Both Ms G and Mr Y kept contemporaneous notes of their meetings. The meetings are recorded in their documents by way of questions and answers.
In the meeting with Ms G the mother gave some answers that demonstrated the mother had begun to reflect on the court’s findings.
Q: What changed your mind on him harming the children?
A: I never had contact with him, I was thinking a lot what could happen to the child who died. Everyone said he is the one. That is what changed my mind. I was praying I went to the [place of prayer] I was thinking a lot this child didn’t have an accident. I was thinking.’
In her oral evidence the mother displayed some understanding as to how she would protect the children in the future; in particular she would call the police.
However, when pressed about certain matters it was clear there had not been a full acceptance of the court’s findings. With Ms G she referred to the assault witnessed by R as being a slap that did not bleed. The finding I made was the father punched her in the mouth and I accepted the description of that assault given by R. In relation to the father’s responsibility for C’s death, which I made a clear finding was caused by the actions of the father, she responded as follows:
Q: What did he do to C?
A: I don’t know I was not at home.
Q: The court has found that your husband did kill your son
A: [mother asks me] is it because of the doctor?
Q: The judge found that your husband killed C
A: I understand and agree that it may happen
Q: So you think your husband killed C?
A: It can happen, he was at home.
It remained unclear what the wider family and community knew and when asked about Dr R’s view that she needed therapeutic support she said ‘No I’m fine, I’m healthy and I don’t need medical help’.
In her meeting with Mr Y she minimised the father’s violence to her, saying ‘he is not a violent man’ in the context of violence towards her and the children. In response to the question
‘Can I ask you about the violence caused to you by your husband?’
She responded
‘He did not cause me a lot of harm but when I was pregnant with B we had an argument because he came home very late and I was jealous. We were pushing each other, I turned my face and he slapped me across the face. R did not see him assaulting me and she lied. She is not my friend, she was never my friend, we just lived in the same building. Dr A could not speak my language and his understanding was not enough’.
On any view that answer contradicts the findings I made; I accepted the evidence of both R and Dr A.
He asked the mother, in the context of the father being found not guilty at the end of the criminal trial, the following question:
‘Yes, but what has changed? You have always known that your husband was violent towards you on at least two occasions and you were not there when C was killed.’
She responded
‘Because I lost confidence in him, because our son died and he is accused of killing our son. I cannot be with someone who possibly killed out son. All the evidence says he is responsible for C’s death. I accept the evidence of the Court but I cannot say he killed C. Professor R did not say he killed C but he was there when C died.’

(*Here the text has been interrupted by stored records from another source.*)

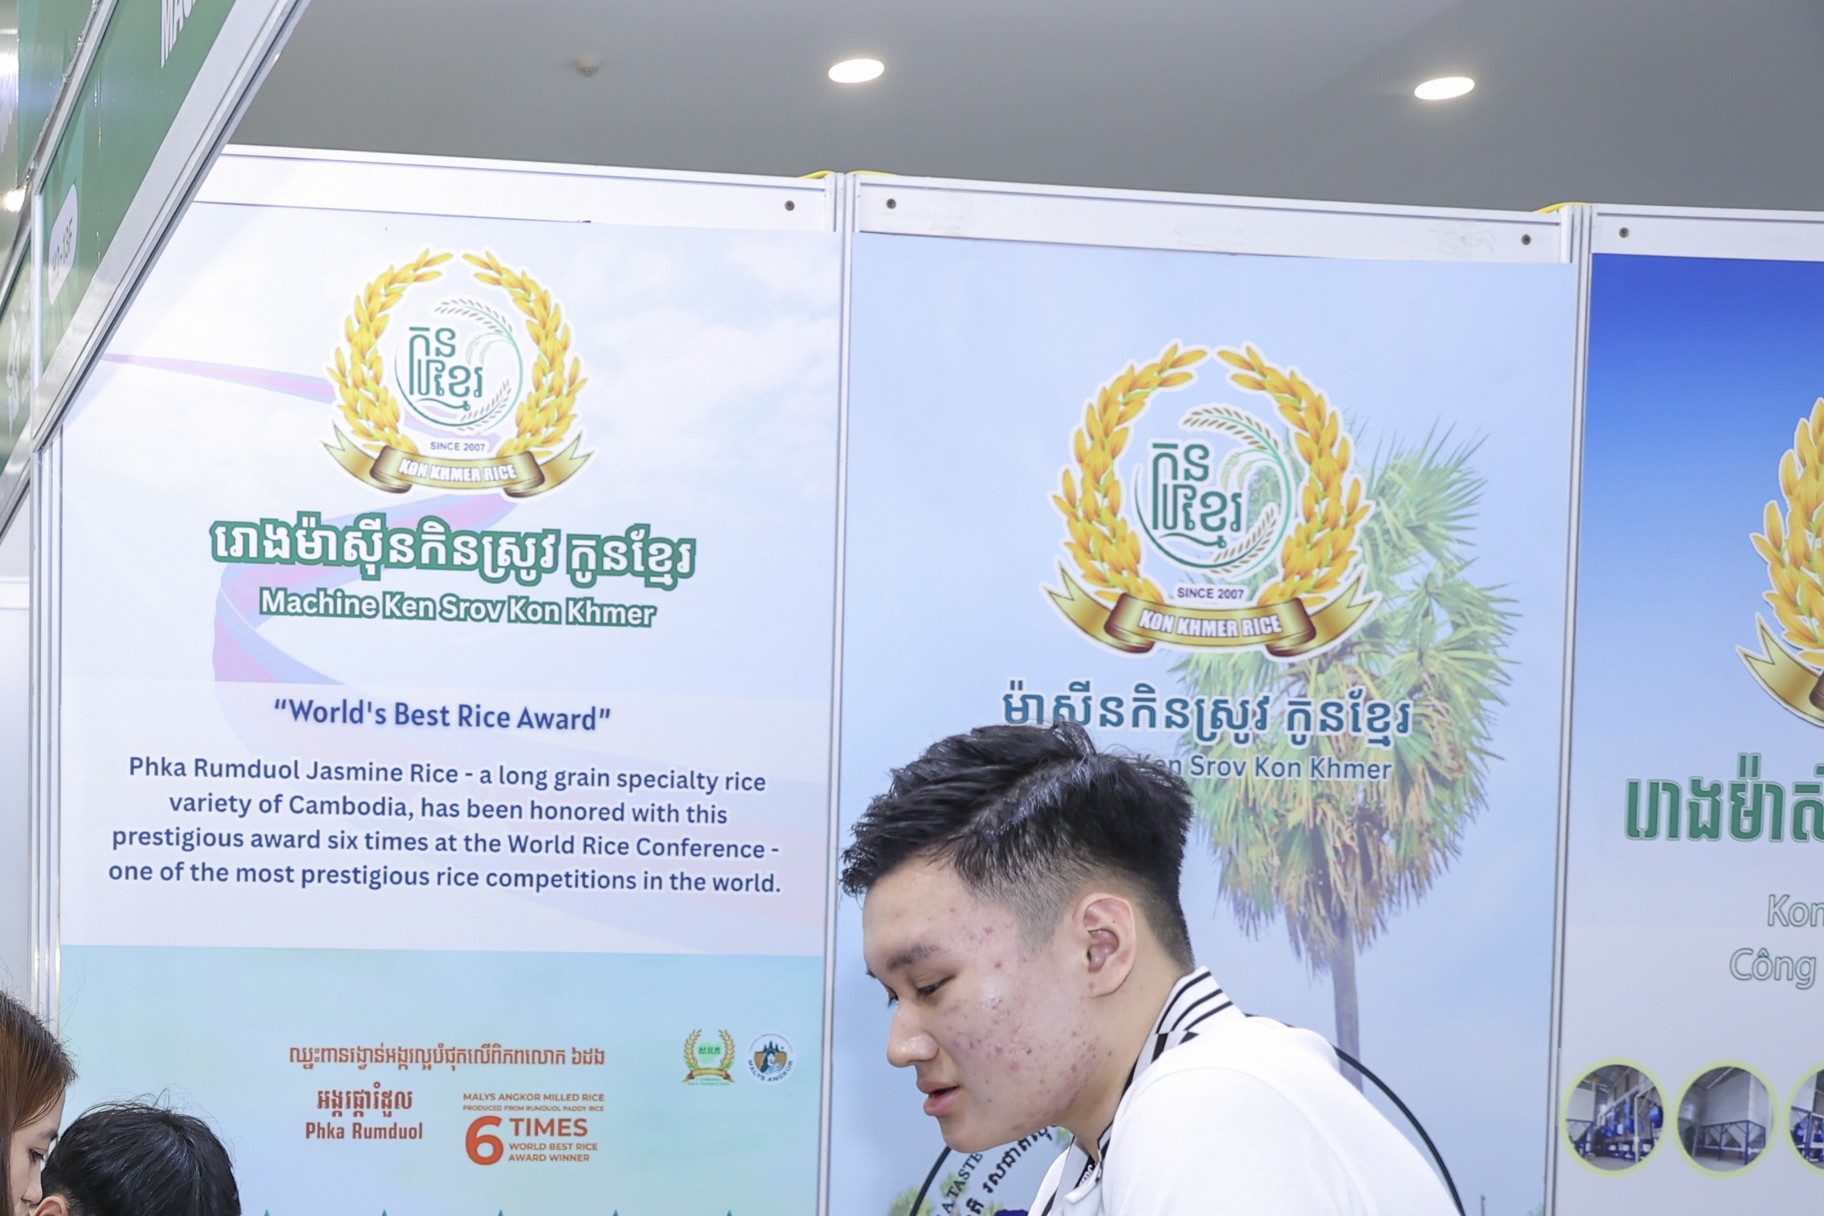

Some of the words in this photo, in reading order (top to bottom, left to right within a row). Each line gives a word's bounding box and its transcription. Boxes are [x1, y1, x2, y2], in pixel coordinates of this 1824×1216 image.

[430, 440, 460, 452] SINCE
[463, 441, 486, 453] 2007
[399, 457, 430, 480] KON
[432, 463, 482, 483] KHMER
[484, 461, 517, 482] RICE
[261, 589, 378, 617] Machine
[383, 592, 436, 618] Ken
[439, 595, 502, 621] Srov
[508, 598, 561, 622] Kon
[566, 599, 655, 626] Khmer
[1177, 587, 1214, 600] SINCE
[1217, 588, 1245, 601] 2007
[1138, 609, 1175, 633] KON
[1177, 616, 1240, 637] KHMER
[1242, 612, 1283, 636] RICE
[275, 699, 386, 725] “World's
[395, 702, 450, 727] Best
[458, 704, 510, 728] Rice
[517, 706, 610, 731] Award”
[130, 756, 187, 777] Phka
[195, 758, 300, 779] Rumduol
[306, 761, 403, 782] Jasmine
[411, 763, 458, 783] Rice
[480, 770, 492, 784] a
[500, 765, 548, 791] long
[554, 768, 609, 791] grain
[617, 770, 718, 795] specialty
[726, 772, 766, 791] rice
[1191, 753, 1246, 776] Srov
[1255, 756, 1301, 777] Kon
[1311, 756, 1392, 780] Khmer
[169, 792, 252, 818] variety
[259, 794, 283, 813] of
[289, 795, 413, 821] Cambodia,
[421, 797, 460, 818] has
[467, 798, 522, 819] been
[531, 800, 624, 821] honored
[632, 803, 679, 823] with
[686, 804, 727, 824] this
[113, 826, 244, 852] prestigious
[251, 829, 320, 849] award
[328, 830, 358, 849] six
[364, 831, 428, 851] times
[435, 835, 457, 852] at
[463, 833, 501, 853] the
[508, 835, 574, 854] World
[583, 836, 629, 855] Rice
[636, 838, 765, 858] Conference
[109, 865, 153, 880] one
[160, 861, 184, 881] of
[190, 862, 229, 882] the
[237, 866, 294, 883] most
[302, 865, 429, 890] prestigious
[437, 867, 479, 886] rice
[486, 869, 636, 893] competitions
[644, 871, 662, 890] in
[669, 871, 706, 891] the
[713, 873, 780, 892] world.
[1729, 947, 1817, 990] Công
[463, 1093, 496, 1101] MALYS
[498, 1093, 541, 1101] ANGKOR
[543, 1093, 580, 1101] MILLED
[582, 1094, 604, 1102] RICE
[306, 1122, 344, 1139] Phka
[352, 1122, 422, 1139] Rumduol
[465, 1115, 504, 1166] 6
[509, 1118, 588, 1137] TIMES
[508, 1154, 547, 1162] AWARD
[549, 1154, 590, 1162] WINNER
[509, 1143, 547, 1151] WORLD
[549, 1143, 573, 1151] BEST
[576, 1143, 597, 1151] RICE
[947, 1152, 984, 1203] TASTE
[941, 1200, 955, 1216] A
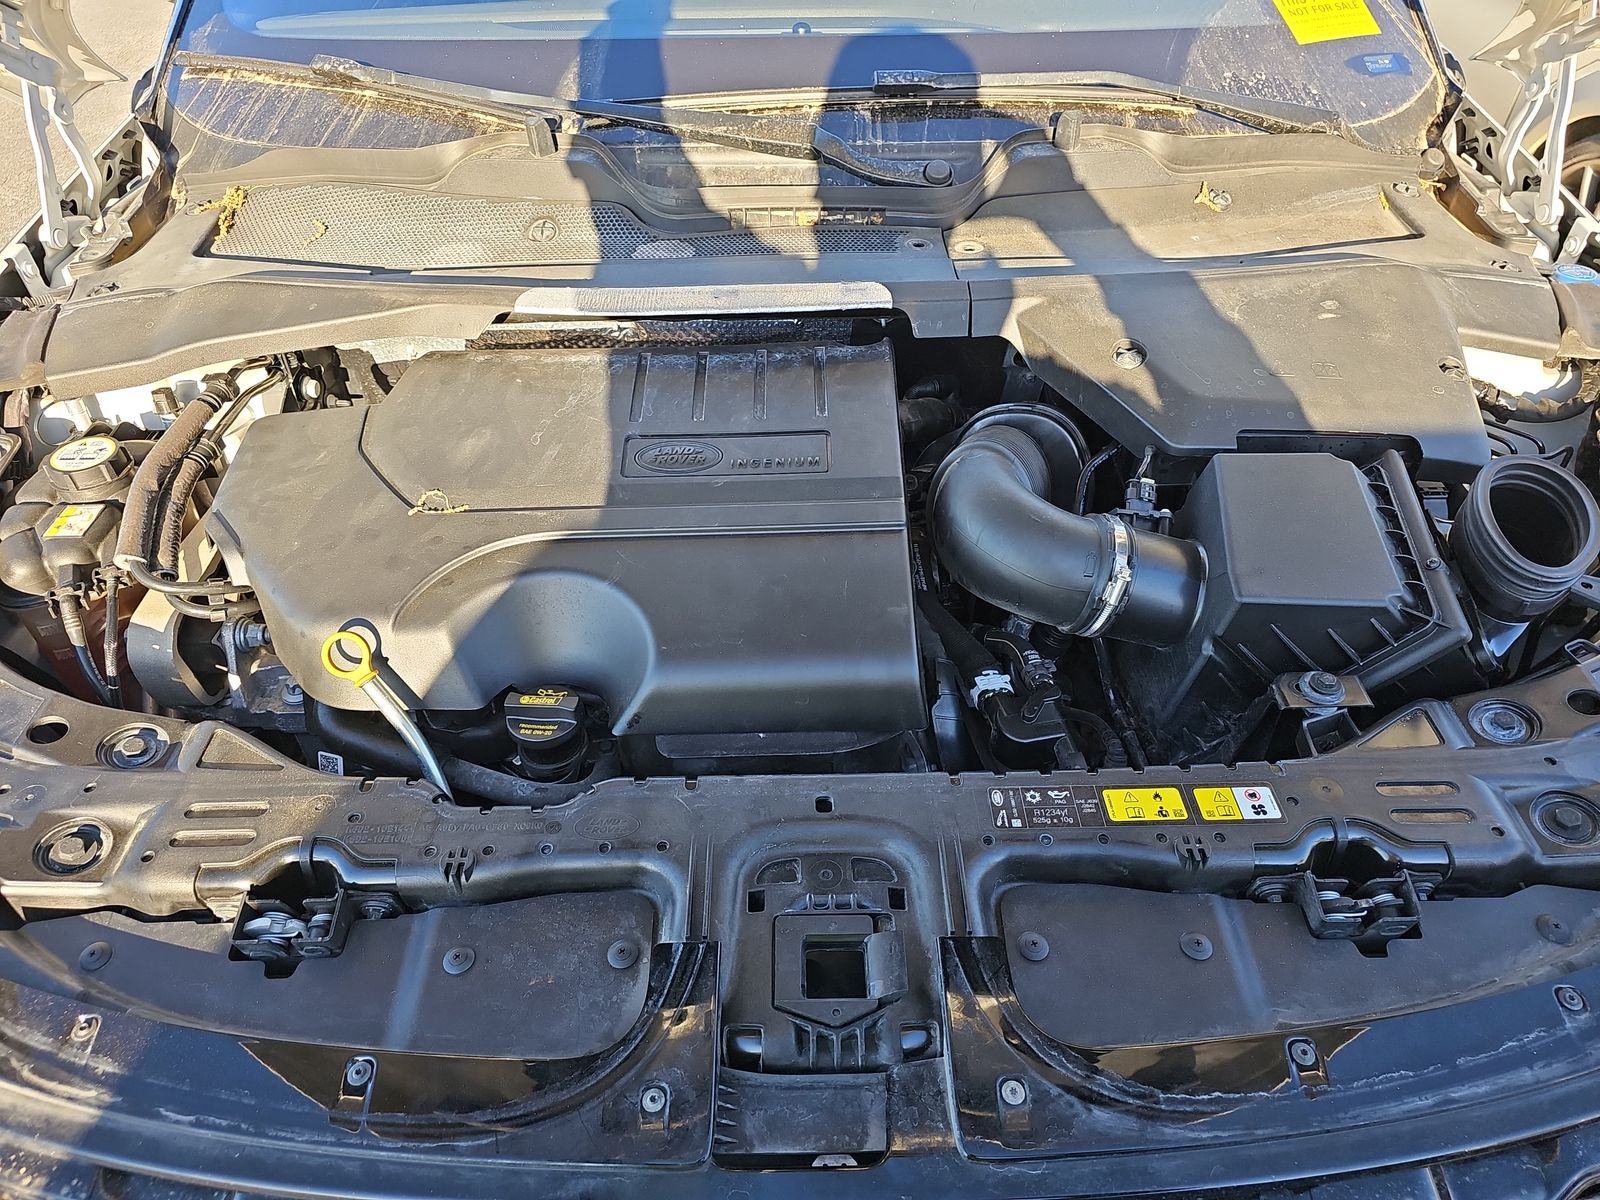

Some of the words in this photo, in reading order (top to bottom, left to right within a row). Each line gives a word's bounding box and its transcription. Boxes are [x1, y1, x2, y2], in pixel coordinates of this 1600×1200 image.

[1287, 6, 1309, 17] NOT
[1311, 3, 1334, 14] FOR
[1334, 1, 1360, 11] SALE
[654, 446, 694, 456] LAND
[655, 455, 707, 465] ROVER
[730, 456, 821, 470] INGENIUM
[529, 696, 556, 704] Castrol
[1033, 808, 1069, 818] R1234yf
[1032, 817, 1051, 825] 525g
[1060, 816, 1074, 824] 10g

In her oral evidence the mother was pressed about some of the answers she gave. It was clear, even making allowance for some difficulties in interpreting different terms, she still continued to minimise the extent of the violence towards her and what happened to C. She referred to what happened to C as being an ‘accident’, that the father could ‘possibly’ have caused the death and the father’s responsibility for what happened as being because he was there at the time. She did not display any real recognition of the oral evidence, accepted by the court, that the cause of C’s death were the actions of the father; the actions required to caused those injuries, included a severe blow by a blunt instrument or stamping.
When pressed about the failure to protect the children she seemed unable to make the connection that the fact that the father had been violent to her could put the children at risk of harm from him. She could only see it in the context of if she had seen him harm the children then she could understand the risk to them; she was not able to understand that what happened to her could be replicated on the children. This was despite her accepting in her oral evidence in September that children in a situation where there was domestic violence could be at risk of harm.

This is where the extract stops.